Quando passou por mim, vi que chorava, tinha um semblante sombrio, o
nariz irritado pela coriza do choro, a boca arqueada para baixo e os
lábios firmemente apertados. Debaixo do sol quente, alguns fios de
cabelo colavam no suor e nas lágrimas do rosto.
Sozinha,
ela seguia seu rumo, com sua pulseira improvisada, parando a cada
poste, pregando os papéis que levava dentro da pasta. De quadra em
quadra, aquela figura quase sem sombra sumiu pelas esquinas da
cidade.
Sentado
no bar, notei o vazio reocupar a rua. Era como se a passagem da
menina nunca tivesse ocorrido. O que será que ela tanto pregava? Por que chorava? Não dei muita importância a esses pensamentos, transmitiam um jogo de futebol na televisão, algum
campeonato europeu com times cheios de jogadores e técnicos
estrangeiros. Como será que se comunicavam? Entendiam o que uns
gritavam para os outros, ou o que cantavam as torcidas? Por que será
que ainda faziam distinções entre campeonato inglês, alemão,
francês, espanhol, se os times, de fato, eram torres de Babel?
Com
o final da partida, ao olhar para rua, a
curiosidade, mais uma vez, despontou em meu espírito.
Por quse duas horas a dúvida hibernara. O que eram aqueles cartazes?
Já
começava a escurecer e, de meu posto, não era
possível ver o que havia nos papéis. Levantei-me e fui até a
esquina. No poste, um cartaz que não fazia muito sentido: Nele
estava estampada a foto da própria menina. No início, foi difícil
reconhecê-la, pois naquela fotografia seus olhos cintilavam, ela
sorria um sorriso imenso, acenava para a câmera e tinha a cabeça
coberta por um véu muçulmano, hijab, de cor turquesa. Não
lembrava a figura triste que passara na frente do bar mas, com
certeza, era a mesma menina. A informação, escrita numa redação
um pouco truncada, com erros de grafia, era de que aquela criança
estava desaparecida, sumira na tarde daquele dia, fora vista pela
última vez saindo da escola, família aflita, telefone de contato,
chamava-se “Najwa”, recém-chegada da Síria, falava pouco o
idioma português.
Em
frente ao poste, de pé, olhei para o rumo que a menina
havia tomado, mas só havia a rua.
Por
que ela pregava fotos de si mesma, informando seu próprio
desaparecimento, pedindo que a encontrassem?
Anotei
o telefone e voltei para o bar.
Na
TV, apresentadores discutiam o jogo que terminara há pouco. Quem
havia sido o melhor jogador da partida? O meio-campo colombiano, do
time espanhol ou o atacante croata do time italiano?
Pensando
sobre o cartaz, concluí que não era de todo estranho.
De
fato, aquela menina feliz da fotografia desaparecera. Por certo sumiu
quando deixou seu País, seus amigos, seus costumes, vindo
desembarcar nessa terra desconhecida onde não se vê gente pelas
ruas. Com certeza, a família a queria de volta, alegre, sorridente.
Quem mais sentia sua falta era a própria Najwa. Tinha saudades de si
mesma, da Najwa que sorria com olhos brilhantes e que vestia hijabs
coloridos. Talvez por isso, com o pouco português que aprendera,
tenha redigido aquele pedido de ajuda, por isso saíra aquela tarde,
sob o sol do Cerrado, sozinha, colando cartazes, na esperança de que
alguém, nesse mundo estrangeiro, a encontrasse.
Voltei
a olhar a rua e, por ela, pelos postes, não passou uma viva alma.
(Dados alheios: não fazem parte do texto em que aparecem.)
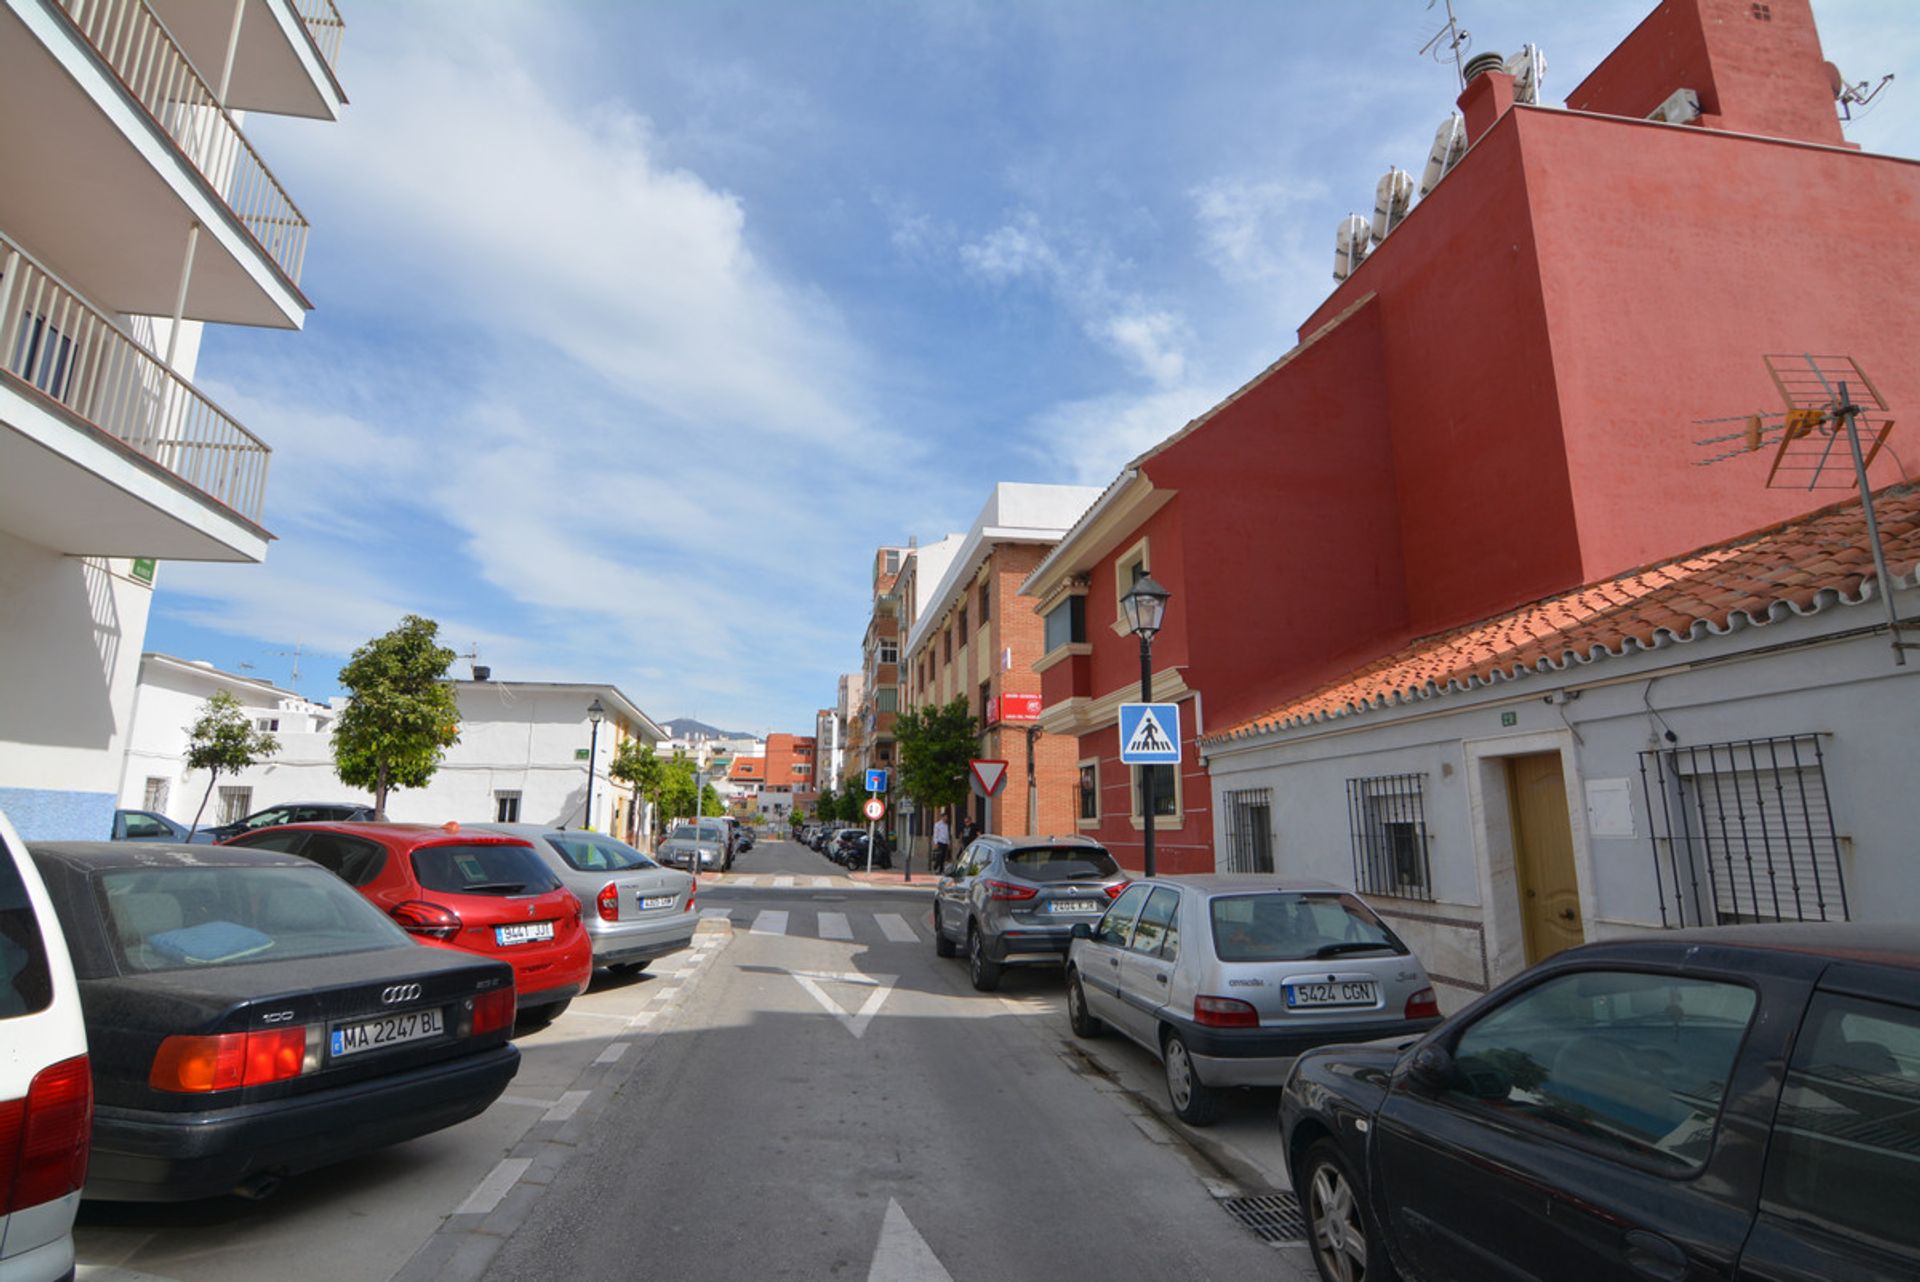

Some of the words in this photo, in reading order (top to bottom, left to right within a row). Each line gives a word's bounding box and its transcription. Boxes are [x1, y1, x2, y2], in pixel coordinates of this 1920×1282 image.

[1299, 985, 1335, 1002] 5424
[1342, 984, 1370, 1000] CGN
[262, 1011, 294, 1022] 100
[343, 1025, 369, 1050] MA
[374, 1015, 416, 1043] 2247
[422, 1011, 442, 1033] BL
Um
ou outro carro transitava pela via, alheio às calçadas. Aqueles
cartazes não seriam lidos. Ninguém caminha pelas ruas de Campo
Grande, não há testemunhas nessa cidade. Ninguém encontrará
aquela menina sorridente que desapareceu de uma família síria.
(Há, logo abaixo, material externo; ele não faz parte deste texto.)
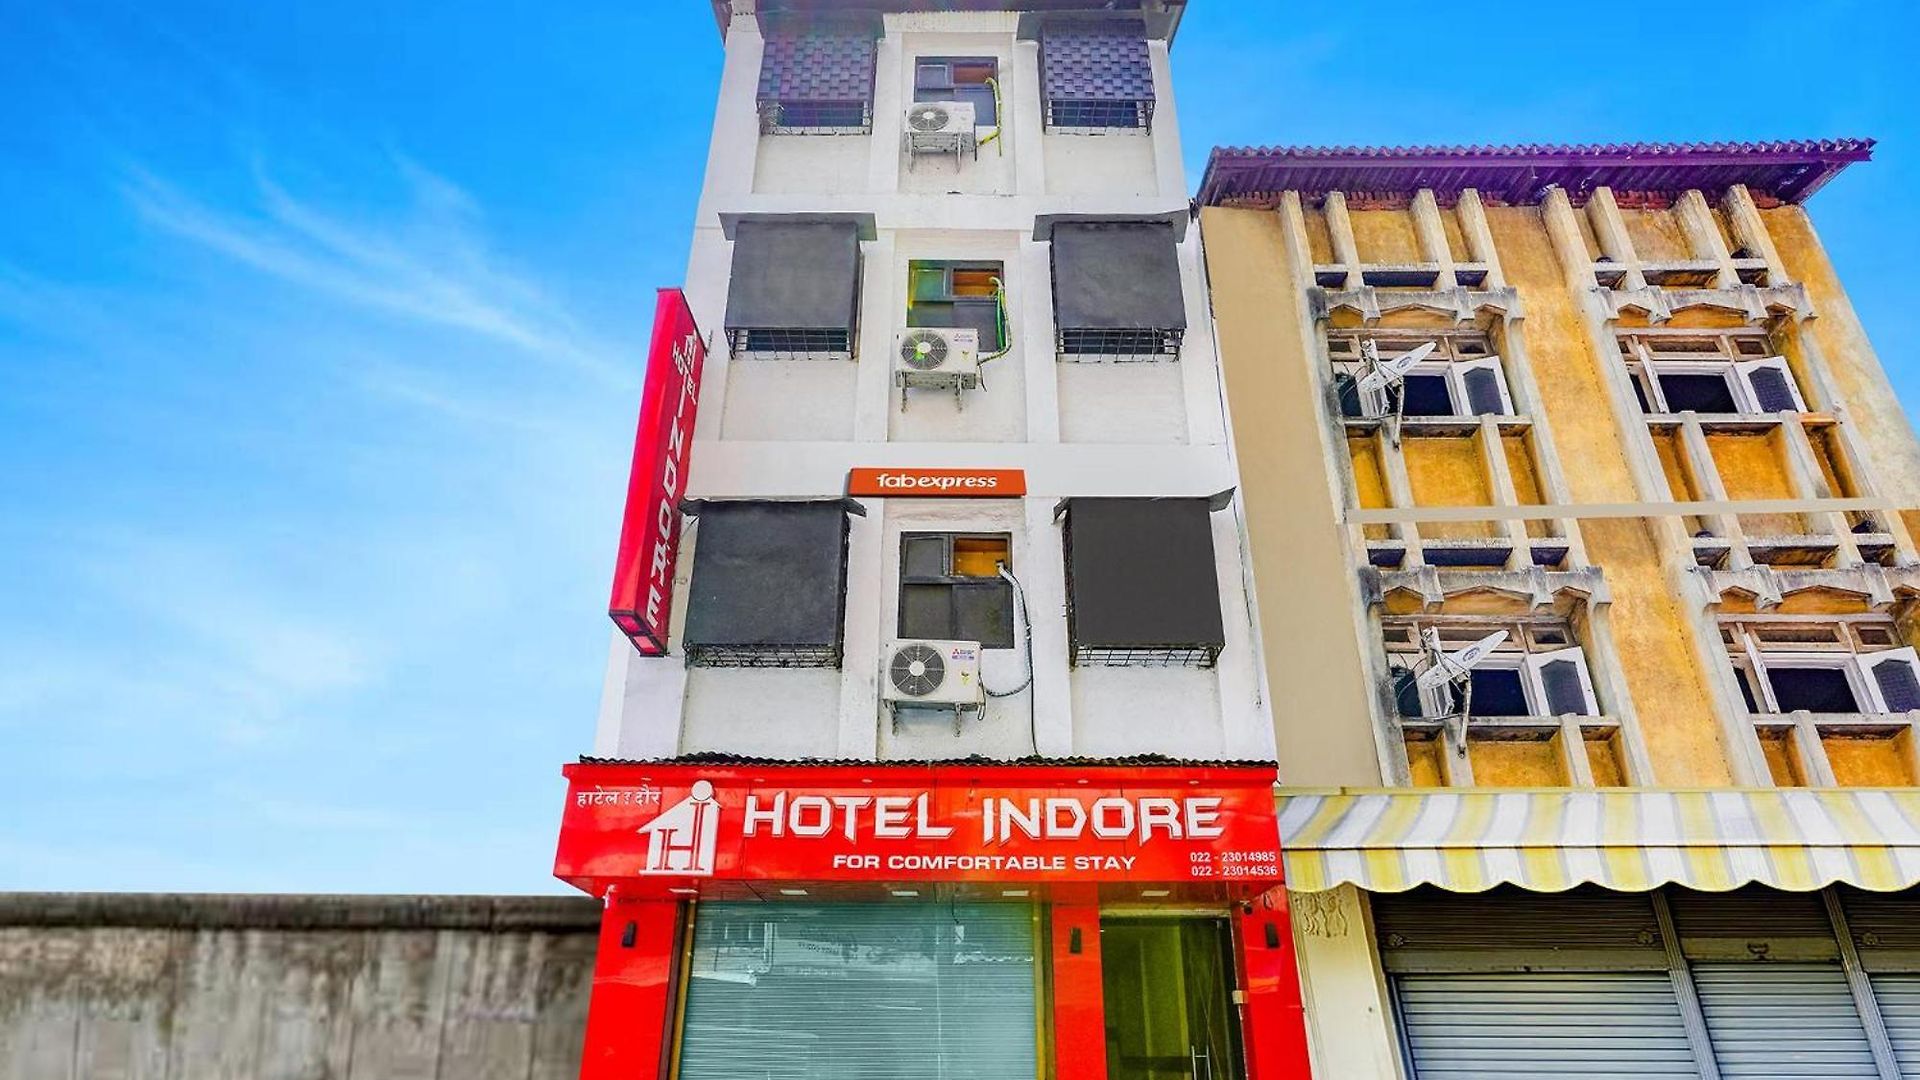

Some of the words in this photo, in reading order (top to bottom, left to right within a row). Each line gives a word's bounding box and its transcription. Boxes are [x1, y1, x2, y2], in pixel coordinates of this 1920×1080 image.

[672, 340, 697, 406] HOTEL
[646, 372, 687, 629] INDORE
[743, 791, 957, 846] HOTEL
[981, 795, 1226, 847] INDORE
[832, 854, 880, 869] FOR
[887, 855, 1066, 870] COMFORTABLE
[1074, 856, 1136, 870] STAY
[1190, 852, 1211, 862] 022
[1221, 851, 1277, 862] 23014985
[1191, 865, 1213, 876] 022
[1222, 865, 1278, 876] 23014536
Ninguém saberá que está perdida.
A ignorância é uma bênção.
A ignorância é uma bênção.
Liguei
para o número do cartaz. Após alguns toques, ouvi uma mensagem num
idioma desconhecido. Enquanto ouvia aquela entoação estranha de
sons misteriosos,
os
comentaristas esportivos concluíram que o melhor jogador da partida
havia sido um lateral romeno, do time italiano.